=== YOUR INSTRUCTIONS ===
Transcribe the data that follows without changing a word, and omit the pictures.

[Text-to-region grounding data]
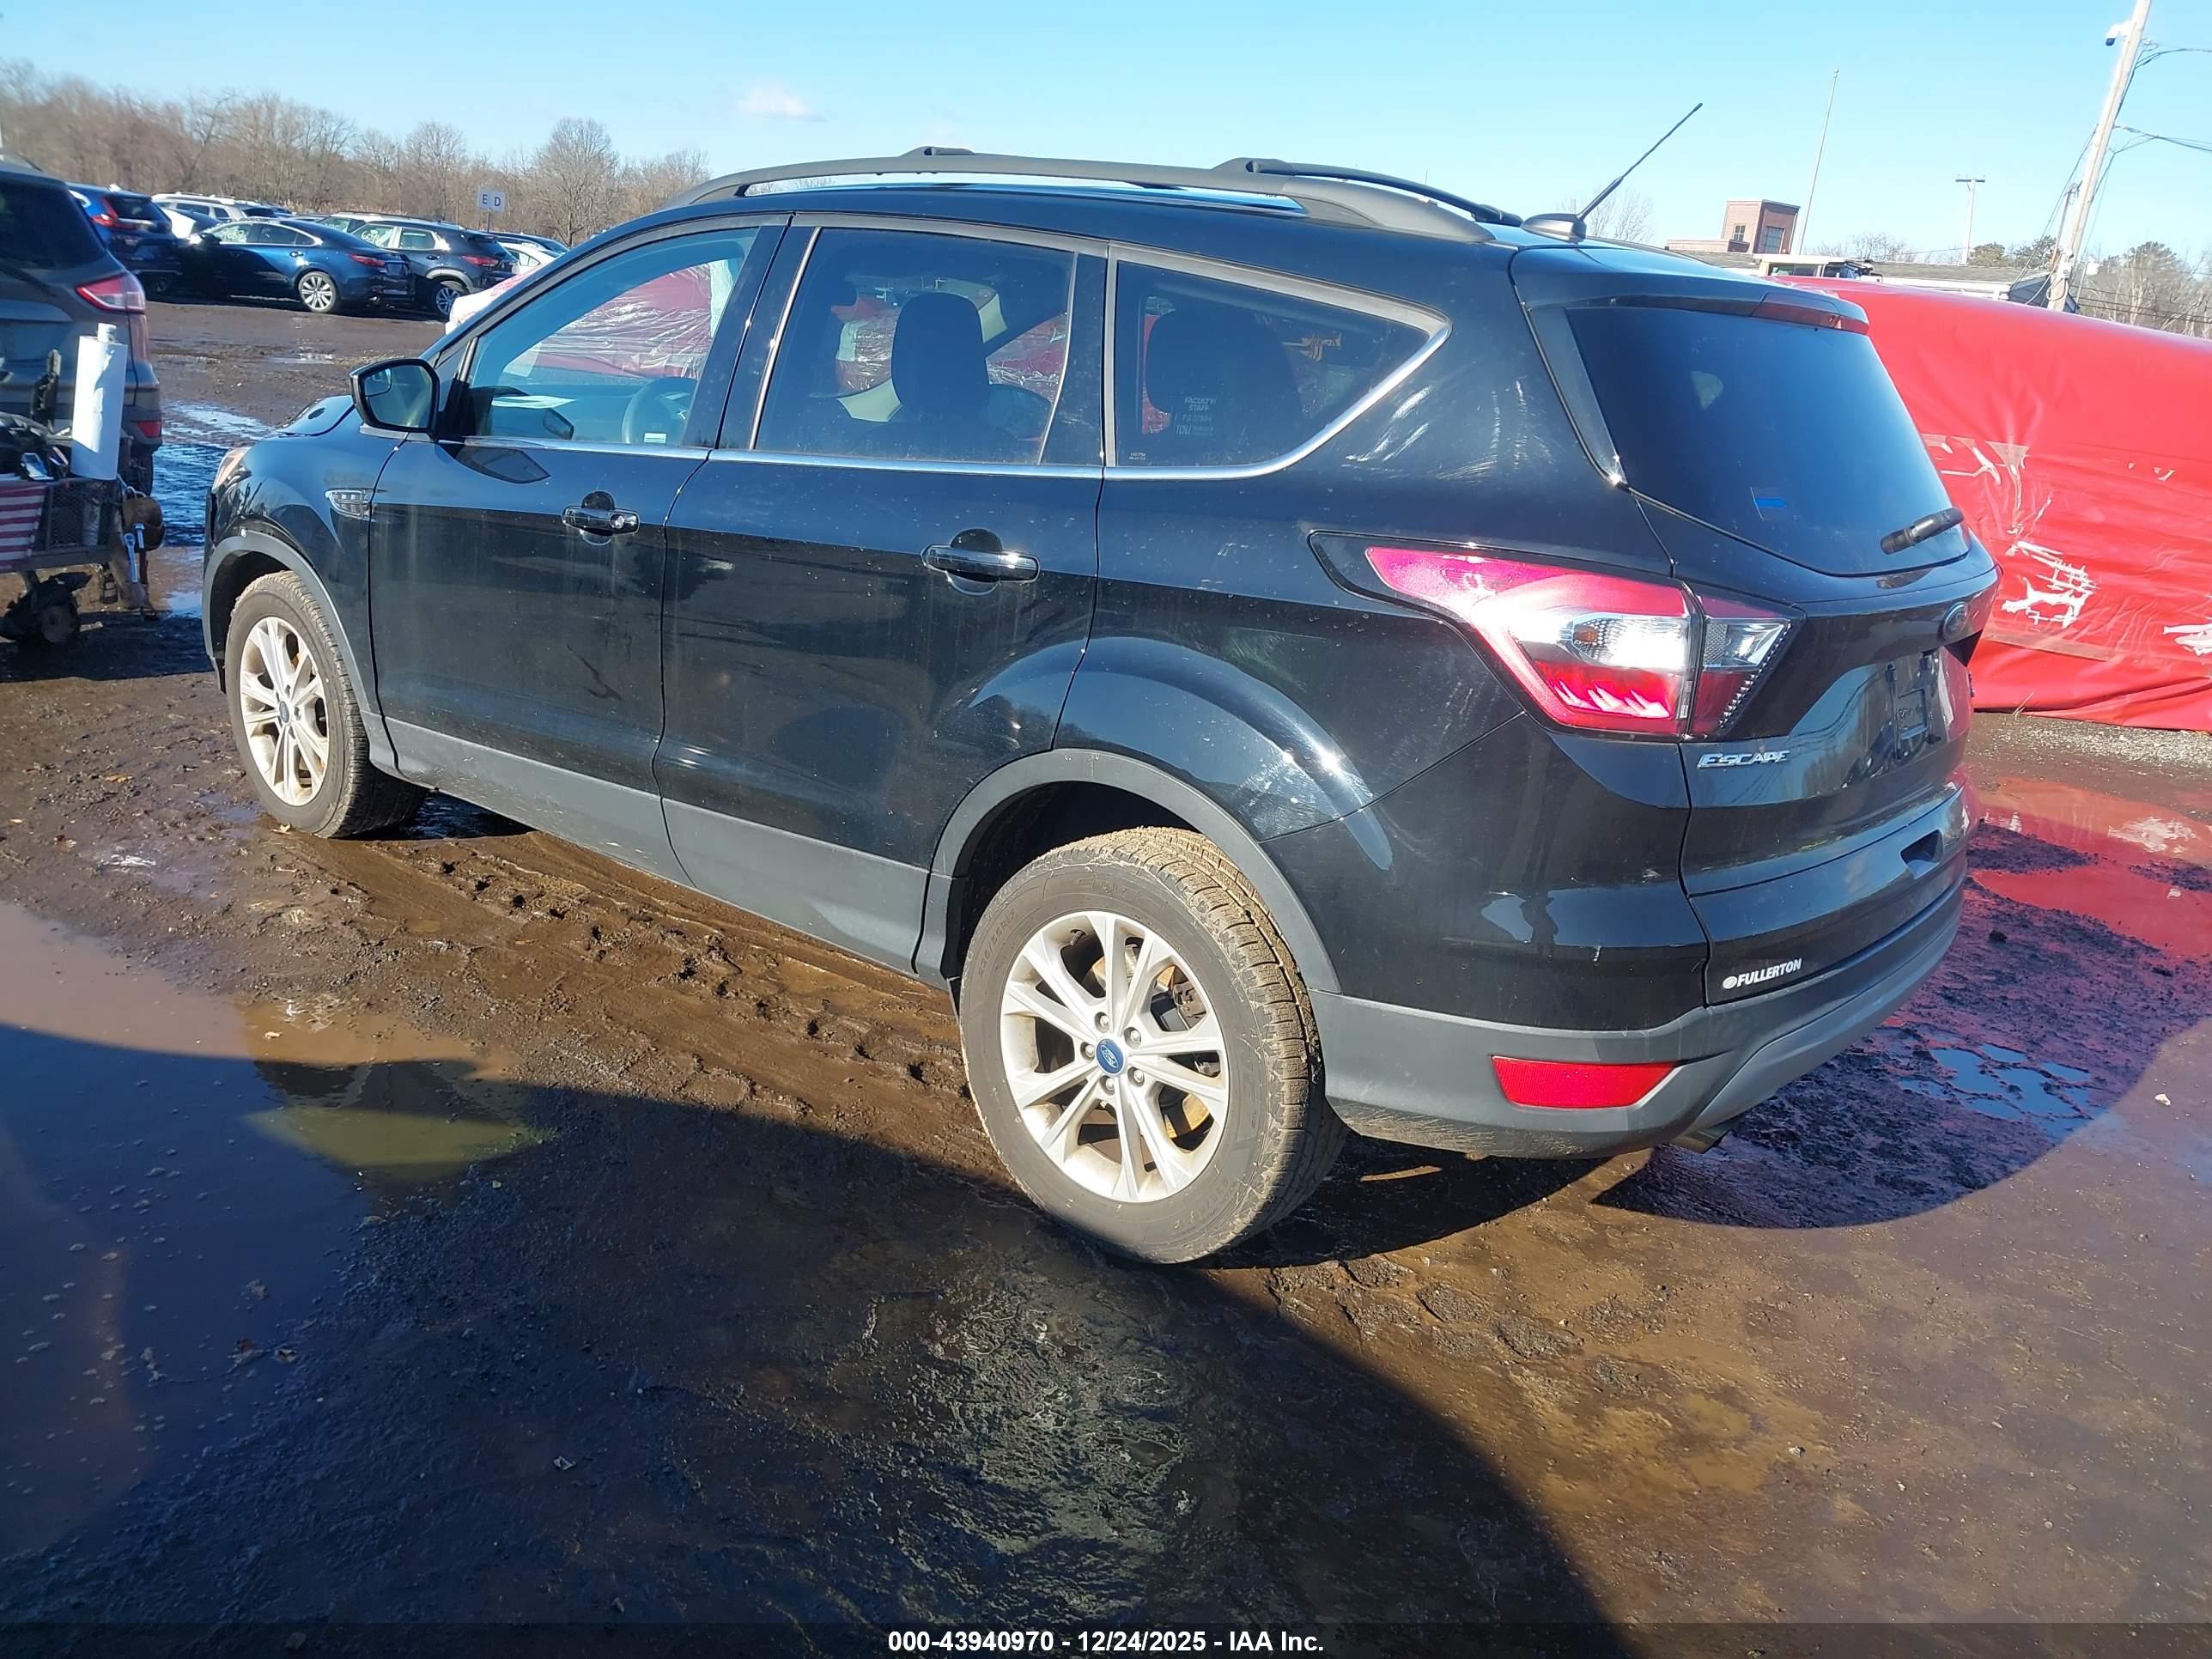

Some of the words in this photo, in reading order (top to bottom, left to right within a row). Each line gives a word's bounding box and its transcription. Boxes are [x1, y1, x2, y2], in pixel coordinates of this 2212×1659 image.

[482, 193, 488, 205] E
[494, 196, 501, 207] D
[1697, 750, 1790, 769] ESCAPE
[1736, 957, 1802, 988] FULLERTON
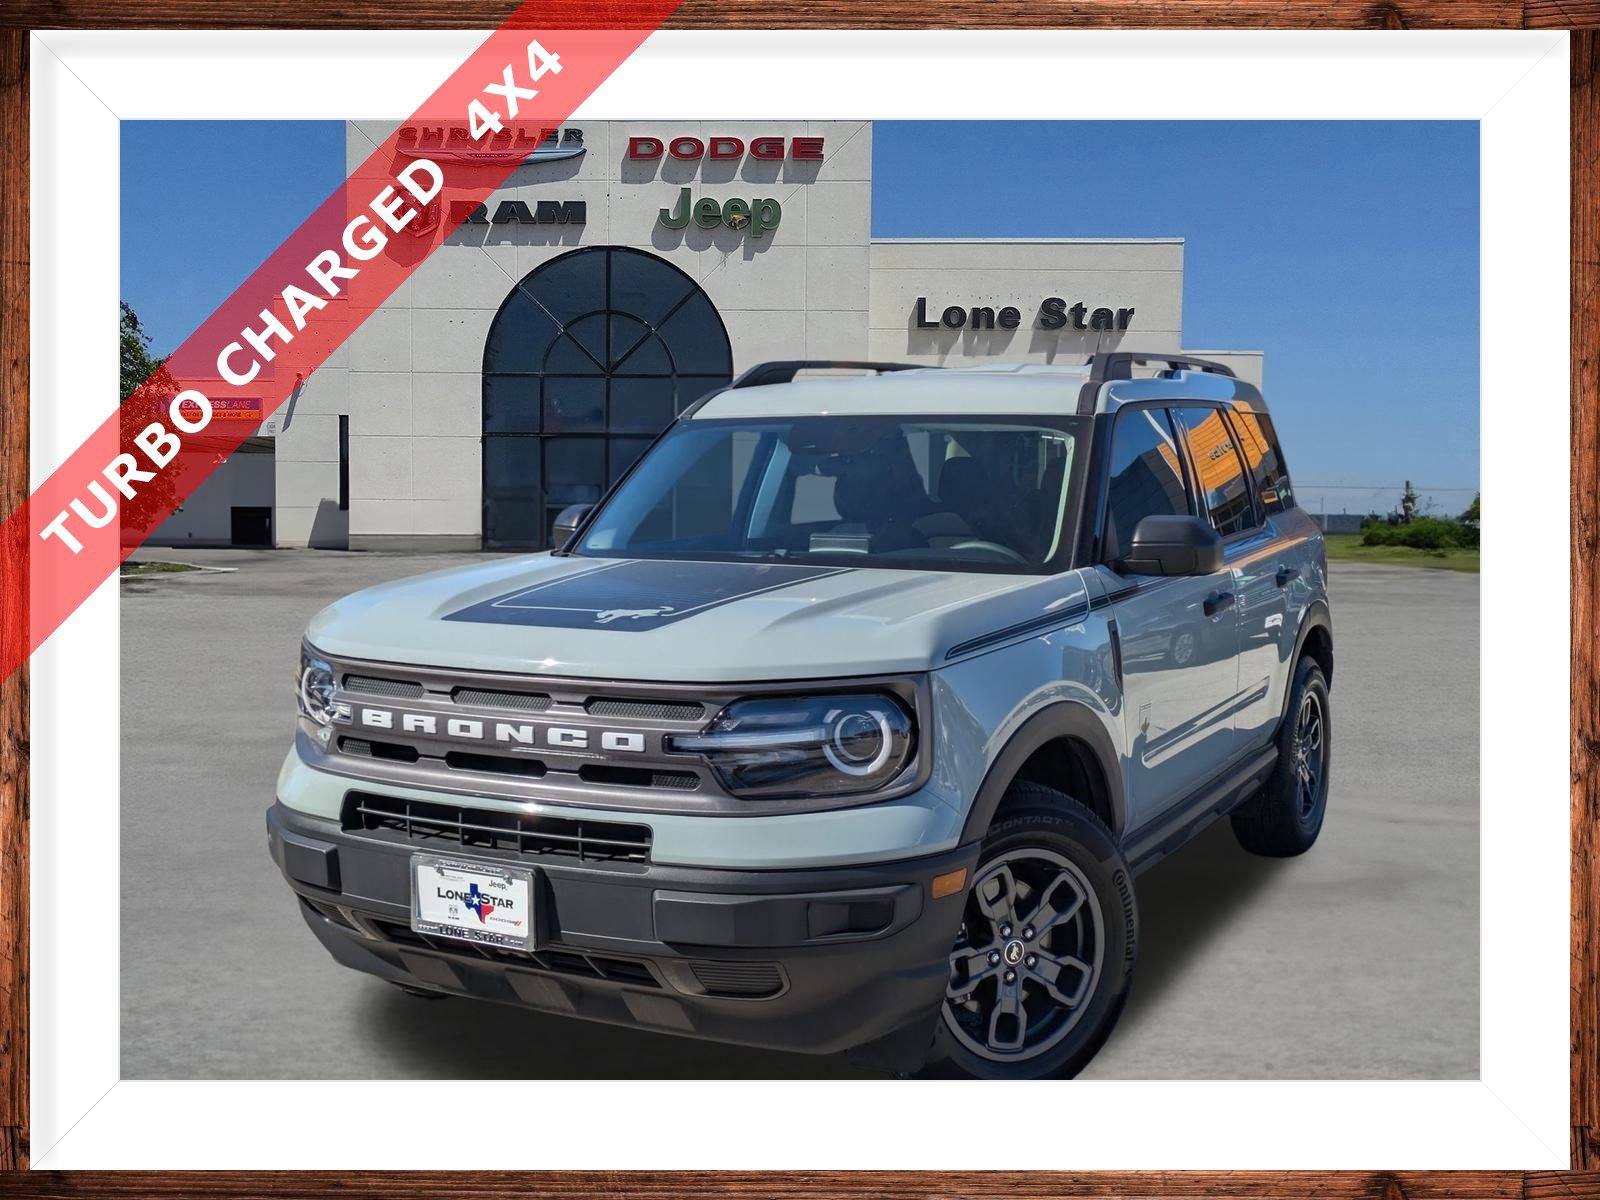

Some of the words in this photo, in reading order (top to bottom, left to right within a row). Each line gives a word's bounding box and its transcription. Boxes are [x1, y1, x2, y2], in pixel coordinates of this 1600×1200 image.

=== RESULT OF THIS EXERCISE ===
Some of the words in this photo, in reading order (top to bottom, left to right within a row). Each line gives a word's bounding box and its transcription. Boxes are [x1, y1, x2, y2], in pixel coordinates of this 2212×1659 image.

[482, 193, 488, 205] E
[494, 196, 501, 207] D
[1697, 750, 1790, 769] ESCAPE
[1736, 957, 1802, 988] FULLERTON

Some of the words in this photo, in reading order (top to bottom, left to right within a row). Each line gives a word's bounding box and its transcription. Boxes are [x1, y1, x2, y2], in pixel coordinates of this 1600×1200 image.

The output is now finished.